Portrait of the Attendant General Count Evgraf Fedotovich Komarovsky (1769-1843)

The artist is Vogel

Komarovsky Evgraf Fedotovich (1769-1843)-Count, Adjutant General, Infantry General. The son of a small court official. Warrant Officer of the Life Guards of the Izmailovsky Regiment (1792). Adjutant of Grand Duke Konstantin Pavlovich, with whom he participated in the Italian and Swiss campaigns a. AT. Suvorov. Major General (1799), Adjutant General (1801), Count of the Holy Roman Empire (1803). Assistant to the St. Petersburg Military Governor (1801), internal guard inspector (1811), temporary military governor of St. Petersburg (1824). In 1828 he was made to the generals from infantry and appointed senator.

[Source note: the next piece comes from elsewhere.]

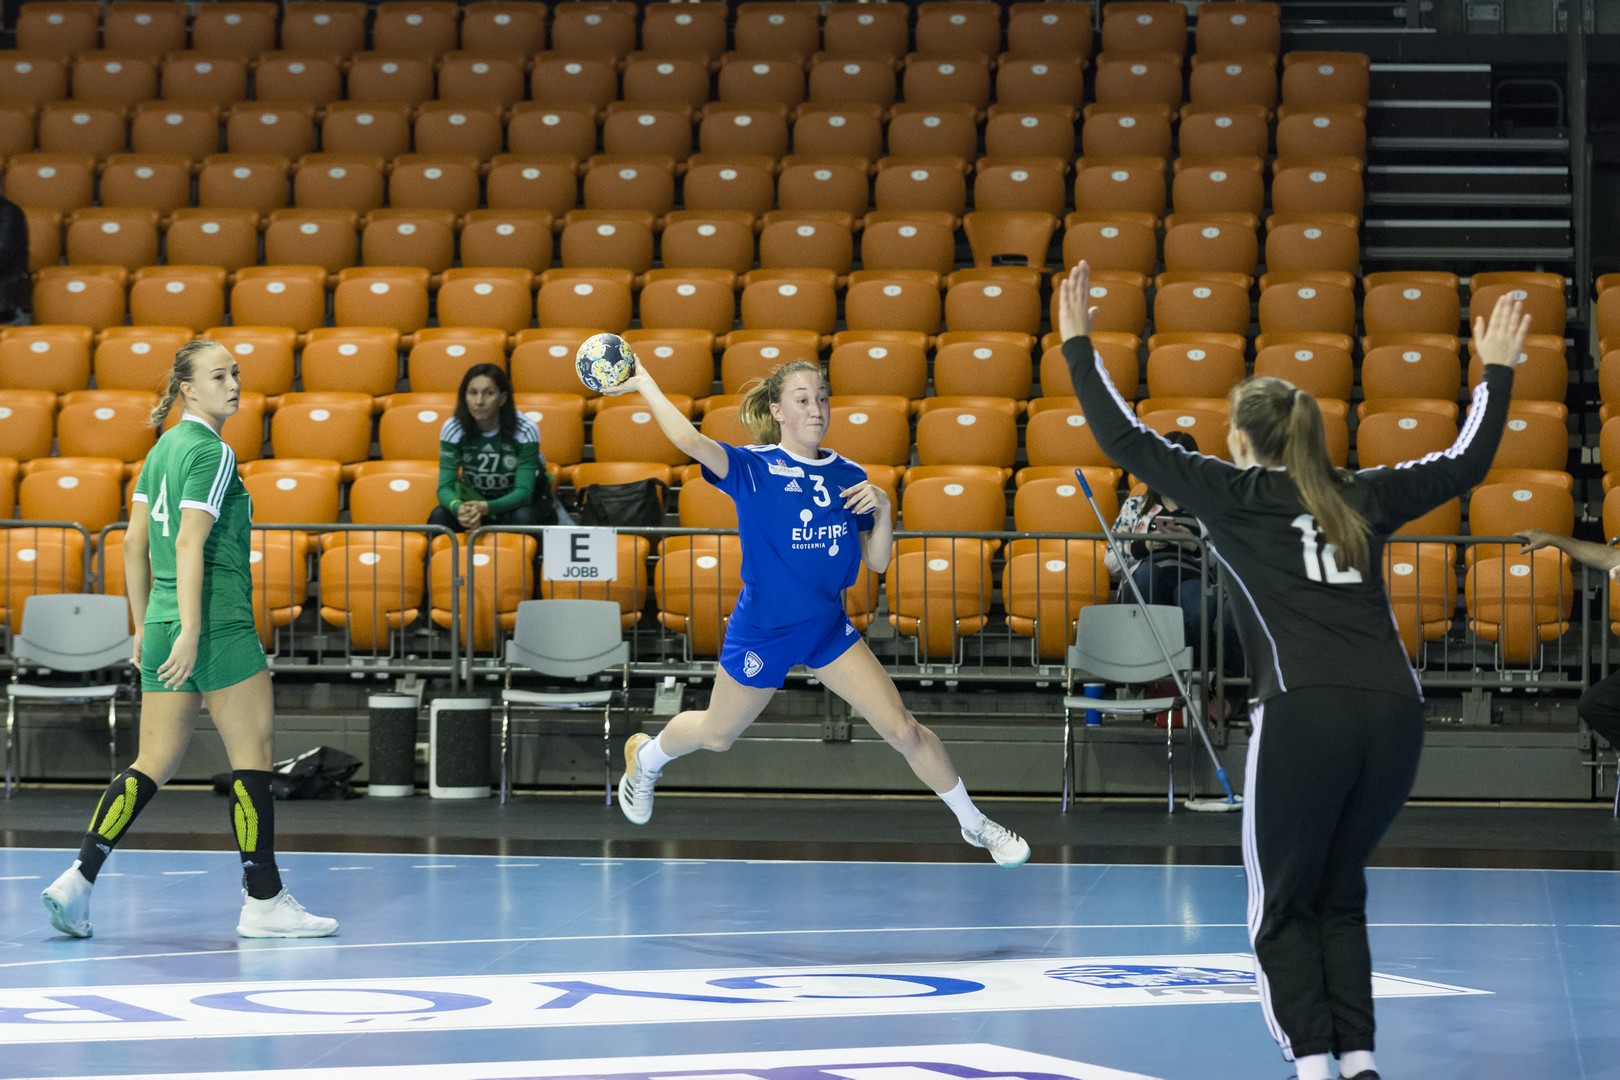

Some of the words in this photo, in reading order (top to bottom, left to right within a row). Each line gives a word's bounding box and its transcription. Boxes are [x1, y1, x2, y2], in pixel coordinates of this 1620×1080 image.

It is depicted in the General General Uniform, on the epaulettes of the monogram of Emperor Alexander I. Order: St. Vladimir of the 2nd degree (October 5, 1813, the cross on the neck and the star; the signs of the order are attributed later), St. Anna of the 1st degree (March 16, 1806, tape), the Commander Cross of the Order of St. John of Jerusalem (Maltese Cross, October 29, 1799), the Sardinsky cross of Lazarus and Mauritius of the 3rd degree (received until 1802). Portrait Gallery of the Russian Museum. Persons of Russia. SPb. 2012. With. 75.

Visual and technological research of the signature of the artist, which has always been signed as "Vogel", led to the correct reading of the first title letter. Dates from the time of the artist’s arrival in St. Petersburg (December 1808) and the beginning of 1812, when, by decree of the emperor of the lands of the collars, the uniform became rectangular and fastened with hooks (Glinka in.M. Russian military costume of the XVIII – early twentieth century. L., 1988. With.41.)